What you need instead: ask questions that target the day-to-day activities that unfold in specific roles and detail the experience of actually doing the work. Topics for a software development team working with a new AI chatbot, for example, might include things like:
- How much time do you spend trying to find answers about the code base, on average, per week?
- Do you consider finding an answer about the code base under the current system to be easy or difficult?
- Does the new AI tool make finding answers in the code base easier or harder?
These types of specific questions aim to identify the touchpoints and moments that lead to work friction, which includes anything that gets in the way of a worker doing their job, including people, processes, and technology.
The goal is to uncover information about the work itself – not just employees’ feelings about that work – and to determine if it has been made better or worse by the introduction of an AI tool. Once you know where work friction is, you’ll have a better idea of where the ROI on your AI is likely to land.
Work Friction Is an Excellent Leading Indicator of AI ROI
Measuring work friction provides insight into whether an AI tool has had a positive impact on how employees are working, allowing you to validate an AI investment very early in the rollout. By looking specifically at employees’ task-by-task experiences and isolating the moments in their work days that slow them down or cause them trouble, you can get a clear picture of how AI is impacting those moments.
Comparing work friction data from before and after an AI implementation can offer early proof of productivity increases. But even decreases or new issues uncovered by the data can be useful, giving an organization a window into how its AI rollout is going – with specific areas to adjust if necessary.

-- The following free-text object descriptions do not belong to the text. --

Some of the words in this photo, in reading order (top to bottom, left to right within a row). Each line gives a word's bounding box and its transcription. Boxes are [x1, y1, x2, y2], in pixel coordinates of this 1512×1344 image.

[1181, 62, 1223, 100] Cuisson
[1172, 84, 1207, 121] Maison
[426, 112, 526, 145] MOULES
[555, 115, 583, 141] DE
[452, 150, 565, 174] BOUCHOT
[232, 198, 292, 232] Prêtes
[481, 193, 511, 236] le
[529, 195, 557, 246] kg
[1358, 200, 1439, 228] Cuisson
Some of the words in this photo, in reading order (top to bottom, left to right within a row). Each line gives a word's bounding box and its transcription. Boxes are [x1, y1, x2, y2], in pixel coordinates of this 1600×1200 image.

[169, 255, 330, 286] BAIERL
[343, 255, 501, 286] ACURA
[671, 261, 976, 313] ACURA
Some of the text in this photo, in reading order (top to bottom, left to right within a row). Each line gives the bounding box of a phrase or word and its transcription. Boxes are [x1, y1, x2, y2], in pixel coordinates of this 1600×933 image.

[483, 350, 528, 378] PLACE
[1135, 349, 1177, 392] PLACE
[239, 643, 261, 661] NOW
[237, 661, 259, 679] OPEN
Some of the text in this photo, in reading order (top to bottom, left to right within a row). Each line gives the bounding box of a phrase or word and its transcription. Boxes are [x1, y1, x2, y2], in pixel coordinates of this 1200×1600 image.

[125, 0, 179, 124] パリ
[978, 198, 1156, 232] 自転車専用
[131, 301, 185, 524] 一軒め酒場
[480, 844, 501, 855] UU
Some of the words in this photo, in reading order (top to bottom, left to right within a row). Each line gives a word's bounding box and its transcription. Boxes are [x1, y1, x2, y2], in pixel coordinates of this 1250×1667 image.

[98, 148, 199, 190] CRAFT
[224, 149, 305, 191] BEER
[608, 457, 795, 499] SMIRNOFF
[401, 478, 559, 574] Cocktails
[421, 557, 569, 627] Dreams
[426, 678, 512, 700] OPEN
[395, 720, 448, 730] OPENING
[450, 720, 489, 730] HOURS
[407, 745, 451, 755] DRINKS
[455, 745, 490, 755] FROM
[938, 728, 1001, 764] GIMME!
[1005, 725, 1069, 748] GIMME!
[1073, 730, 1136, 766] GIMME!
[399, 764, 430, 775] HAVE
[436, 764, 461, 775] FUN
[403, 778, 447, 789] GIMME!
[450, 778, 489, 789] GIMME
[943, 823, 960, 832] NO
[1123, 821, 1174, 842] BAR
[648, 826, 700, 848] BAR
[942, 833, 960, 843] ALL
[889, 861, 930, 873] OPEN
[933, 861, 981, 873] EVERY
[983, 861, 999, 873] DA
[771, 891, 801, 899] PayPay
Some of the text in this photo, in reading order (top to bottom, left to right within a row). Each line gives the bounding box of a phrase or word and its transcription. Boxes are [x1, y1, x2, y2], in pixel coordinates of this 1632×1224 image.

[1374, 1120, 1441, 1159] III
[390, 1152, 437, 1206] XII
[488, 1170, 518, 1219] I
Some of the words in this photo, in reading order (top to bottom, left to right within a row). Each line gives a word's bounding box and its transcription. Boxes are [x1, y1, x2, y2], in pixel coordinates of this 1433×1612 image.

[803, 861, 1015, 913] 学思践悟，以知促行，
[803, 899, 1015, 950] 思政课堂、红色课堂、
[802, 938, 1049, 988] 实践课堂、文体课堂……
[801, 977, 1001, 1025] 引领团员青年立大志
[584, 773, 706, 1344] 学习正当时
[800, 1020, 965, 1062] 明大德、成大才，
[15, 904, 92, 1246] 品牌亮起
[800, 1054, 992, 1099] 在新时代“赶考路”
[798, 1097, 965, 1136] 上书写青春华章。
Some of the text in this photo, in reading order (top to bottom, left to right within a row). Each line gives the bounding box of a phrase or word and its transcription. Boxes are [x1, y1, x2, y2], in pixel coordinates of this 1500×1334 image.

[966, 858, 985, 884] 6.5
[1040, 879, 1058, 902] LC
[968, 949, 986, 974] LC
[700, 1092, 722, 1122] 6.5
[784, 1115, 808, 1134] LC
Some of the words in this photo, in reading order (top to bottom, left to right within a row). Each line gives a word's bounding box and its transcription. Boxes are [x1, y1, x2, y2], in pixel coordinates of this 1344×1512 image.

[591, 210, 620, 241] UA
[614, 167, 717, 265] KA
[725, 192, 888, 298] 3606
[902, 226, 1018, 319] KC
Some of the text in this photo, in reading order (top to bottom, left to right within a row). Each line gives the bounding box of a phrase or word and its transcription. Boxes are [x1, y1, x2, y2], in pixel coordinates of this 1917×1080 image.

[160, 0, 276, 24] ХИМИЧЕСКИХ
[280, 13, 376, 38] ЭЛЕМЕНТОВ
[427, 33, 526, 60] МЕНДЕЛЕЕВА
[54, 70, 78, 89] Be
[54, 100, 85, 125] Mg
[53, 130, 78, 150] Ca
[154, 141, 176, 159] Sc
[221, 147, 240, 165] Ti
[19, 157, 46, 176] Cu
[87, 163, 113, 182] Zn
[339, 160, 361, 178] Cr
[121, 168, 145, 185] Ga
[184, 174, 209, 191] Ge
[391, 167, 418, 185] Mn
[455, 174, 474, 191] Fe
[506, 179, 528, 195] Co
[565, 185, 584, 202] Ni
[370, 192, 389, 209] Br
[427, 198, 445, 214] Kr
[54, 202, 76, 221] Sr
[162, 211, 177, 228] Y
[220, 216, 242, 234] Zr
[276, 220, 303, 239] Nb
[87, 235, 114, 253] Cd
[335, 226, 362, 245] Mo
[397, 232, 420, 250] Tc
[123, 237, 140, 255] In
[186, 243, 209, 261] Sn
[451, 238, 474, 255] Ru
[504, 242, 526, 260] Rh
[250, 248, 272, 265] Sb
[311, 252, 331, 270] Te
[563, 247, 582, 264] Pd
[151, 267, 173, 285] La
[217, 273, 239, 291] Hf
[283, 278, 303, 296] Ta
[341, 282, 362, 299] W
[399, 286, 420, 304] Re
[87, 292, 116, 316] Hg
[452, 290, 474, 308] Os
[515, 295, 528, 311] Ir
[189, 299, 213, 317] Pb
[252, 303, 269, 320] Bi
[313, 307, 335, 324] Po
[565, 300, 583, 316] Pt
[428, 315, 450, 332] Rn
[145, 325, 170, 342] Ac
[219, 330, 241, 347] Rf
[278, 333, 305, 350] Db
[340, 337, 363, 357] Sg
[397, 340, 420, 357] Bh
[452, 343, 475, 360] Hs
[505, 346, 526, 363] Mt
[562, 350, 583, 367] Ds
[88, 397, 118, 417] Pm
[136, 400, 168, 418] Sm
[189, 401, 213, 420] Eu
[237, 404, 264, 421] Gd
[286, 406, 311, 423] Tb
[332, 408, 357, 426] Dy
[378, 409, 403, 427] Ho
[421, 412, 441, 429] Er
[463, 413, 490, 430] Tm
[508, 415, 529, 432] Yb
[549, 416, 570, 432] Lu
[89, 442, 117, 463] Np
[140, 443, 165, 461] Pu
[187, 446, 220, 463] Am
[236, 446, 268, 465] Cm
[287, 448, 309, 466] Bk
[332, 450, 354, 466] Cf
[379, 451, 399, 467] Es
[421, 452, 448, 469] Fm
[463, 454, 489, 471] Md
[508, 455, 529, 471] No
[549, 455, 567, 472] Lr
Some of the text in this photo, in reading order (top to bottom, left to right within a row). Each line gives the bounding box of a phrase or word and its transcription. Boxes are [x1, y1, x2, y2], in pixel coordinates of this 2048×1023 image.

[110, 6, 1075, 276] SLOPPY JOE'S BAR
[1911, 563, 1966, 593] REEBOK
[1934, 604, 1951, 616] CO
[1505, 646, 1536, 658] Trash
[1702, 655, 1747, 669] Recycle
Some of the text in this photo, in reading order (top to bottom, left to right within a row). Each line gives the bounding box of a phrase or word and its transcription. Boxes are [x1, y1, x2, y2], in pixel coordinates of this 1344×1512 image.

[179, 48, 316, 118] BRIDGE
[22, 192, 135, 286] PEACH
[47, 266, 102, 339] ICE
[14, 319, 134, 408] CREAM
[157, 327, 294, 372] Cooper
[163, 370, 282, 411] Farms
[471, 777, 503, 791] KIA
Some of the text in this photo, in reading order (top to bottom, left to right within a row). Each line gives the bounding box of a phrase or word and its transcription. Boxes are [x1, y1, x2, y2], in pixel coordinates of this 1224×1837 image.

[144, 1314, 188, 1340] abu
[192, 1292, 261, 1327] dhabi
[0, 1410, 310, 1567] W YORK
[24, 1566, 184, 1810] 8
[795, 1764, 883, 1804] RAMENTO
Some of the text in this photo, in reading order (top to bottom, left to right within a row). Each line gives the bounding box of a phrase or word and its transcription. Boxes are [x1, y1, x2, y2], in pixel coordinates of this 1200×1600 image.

For example, if you introduce an AI tool to speed up your software development process, it may take a while to see concrete evidence that it’s actually working; and if it isn’t, it may be hard to tell why.
With work friction data, however, your developers – the people actually interacting with the AI – will tell you how the technology is either helping or hurting their productivity. And if things aren’t going well, you’ll likely have some ideas of how to improve the AI implementation (instead of scrapping it altogether).
Even better, work friction data can give you an early idea of which of your more promising AI initiatives you might want to lean into. As former Grammarly CEO Rahul Roy-Chowdhury recently noted in a LinkedIn post about AI and ROI: “By continuously iterating and assessing your AI tools and use cases, you can cut through the clutter of AI promises and double down on what’s working.”
Don’t Use Old Methods to Measure A New Way of Working
Just as an AI transformation signals a new way of working, work friction represents a new way of measuring work. And in doing so, it serves as a way for leaders to get out ahead of any employee-related issues or problems that might derail their AI project.
In other words, amid growing pressure to prove ROI for an AI project, work friction can be a key early indicator of success or failure. By demonstrating how workers are adopting, adjusting to, and interacting with AI, an organization can have verifiable data to validate its investment and determine its future course of action – in weeks instead of years.